(Entries taken from a collection)
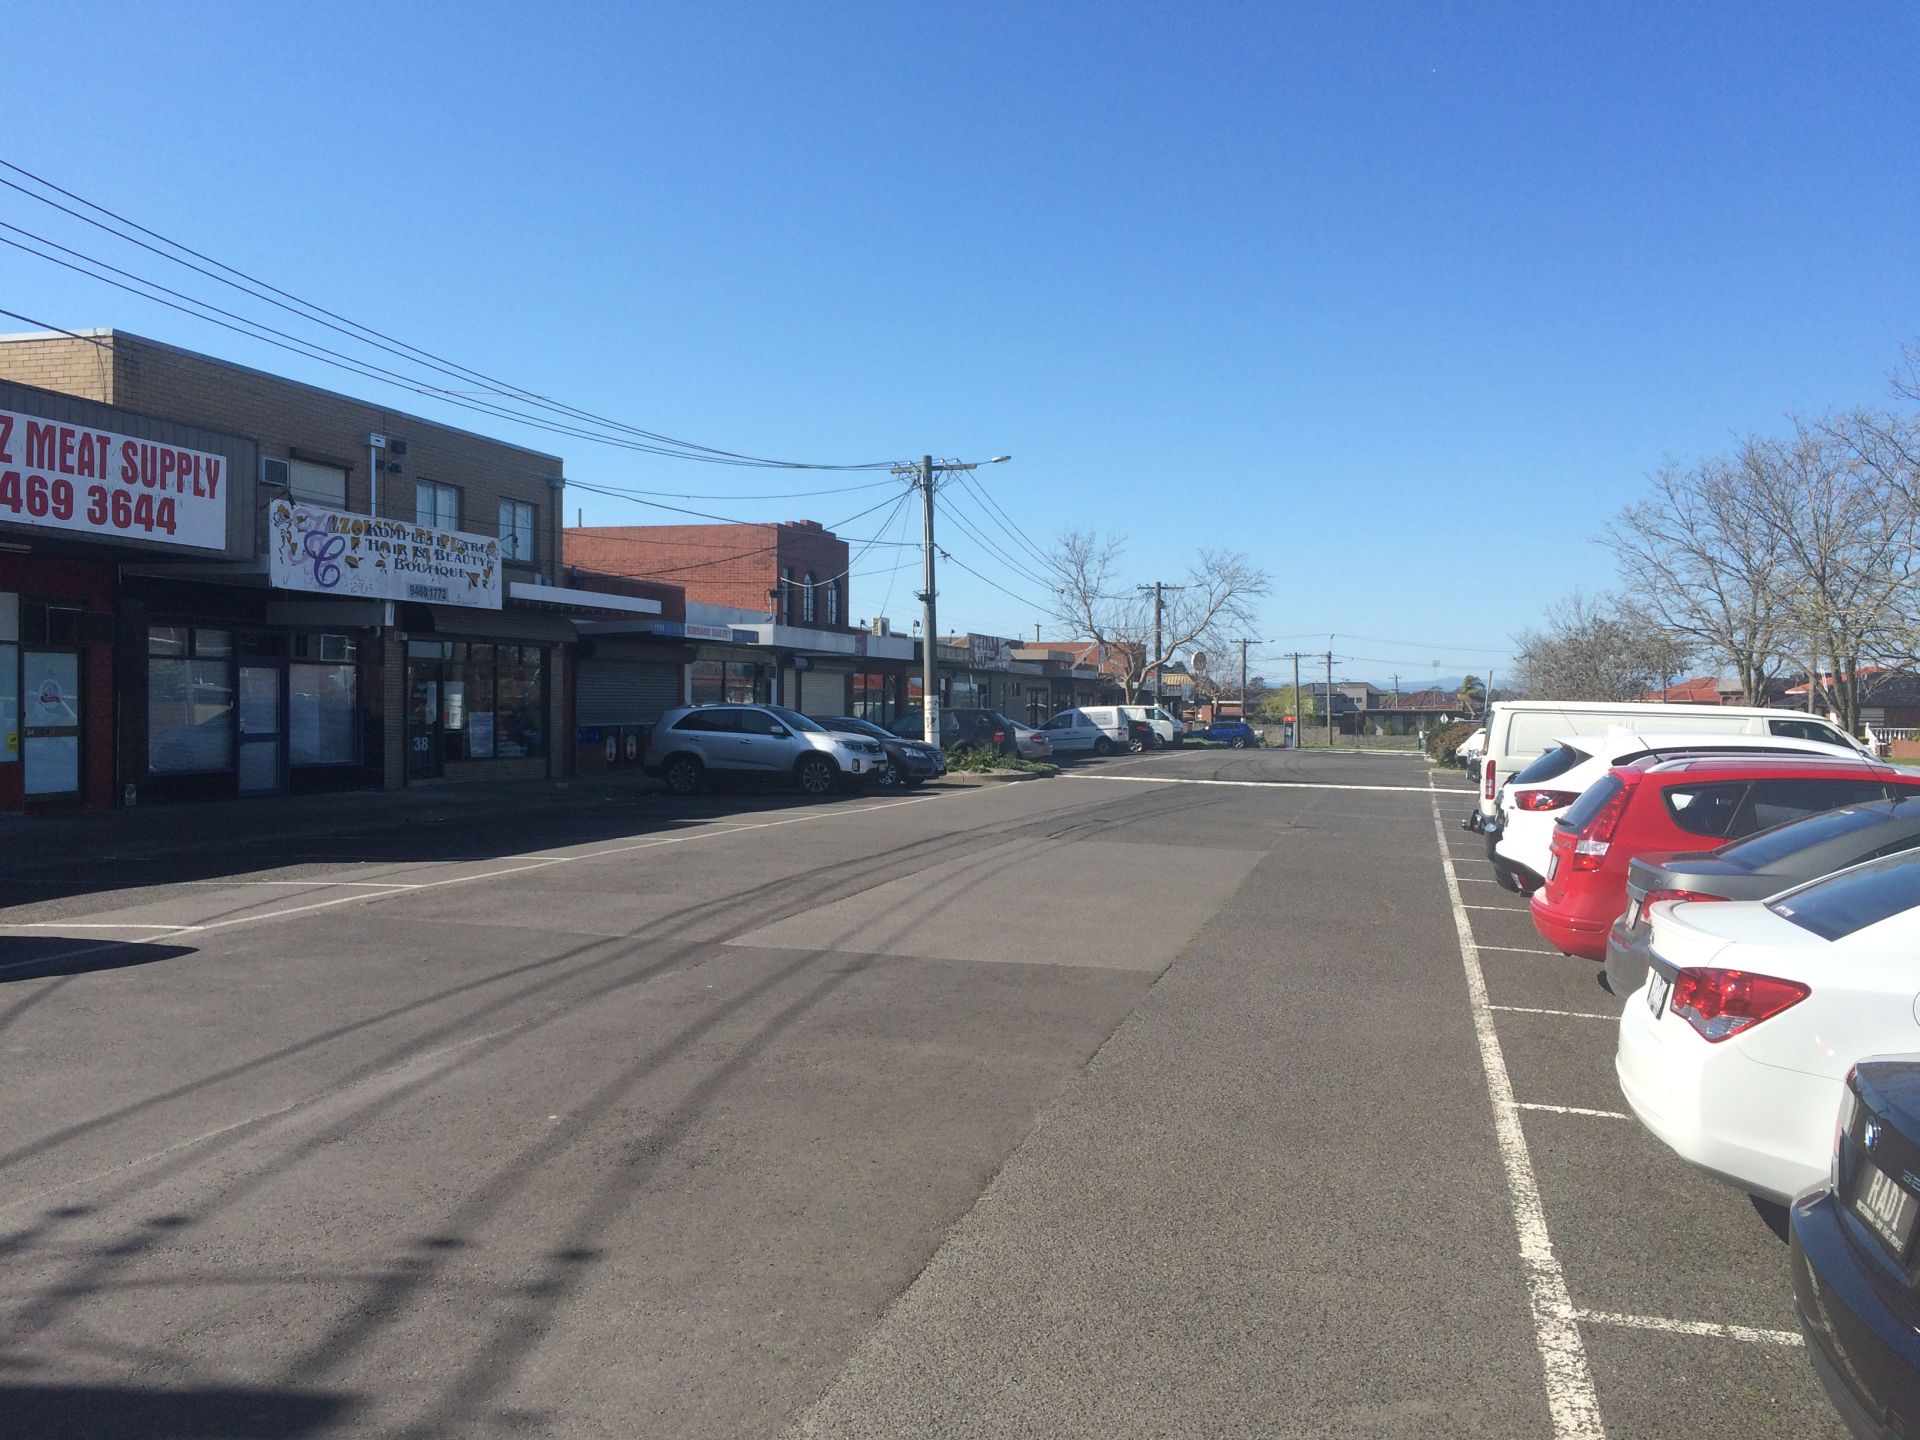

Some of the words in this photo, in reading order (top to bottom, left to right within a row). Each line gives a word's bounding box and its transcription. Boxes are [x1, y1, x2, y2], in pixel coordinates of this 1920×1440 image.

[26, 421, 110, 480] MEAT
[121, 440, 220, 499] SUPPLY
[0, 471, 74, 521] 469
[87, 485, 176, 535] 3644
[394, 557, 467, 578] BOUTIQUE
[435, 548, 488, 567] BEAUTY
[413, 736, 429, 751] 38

### [Problem description]
Retype each line above precisely, please. Skip anything that is a picture.

### [Response to the task]
Some of the words in this photo, in reading order (top to bottom, left to right within a row). Each line gives a word's bounding box and its transcription. Boxes are [x1, y1, x2, y2], in pixel coordinates of this 1920×1440 image.

[26, 421, 110, 480] MEAT
[121, 440, 220, 499] SUPPLY
[0, 471, 74, 521] 469
[87, 485, 176, 535] 3644
[394, 557, 467, 578] BOUTIQUE
[435, 548, 488, 567] BEAUTY
[413, 736, 429, 751] 38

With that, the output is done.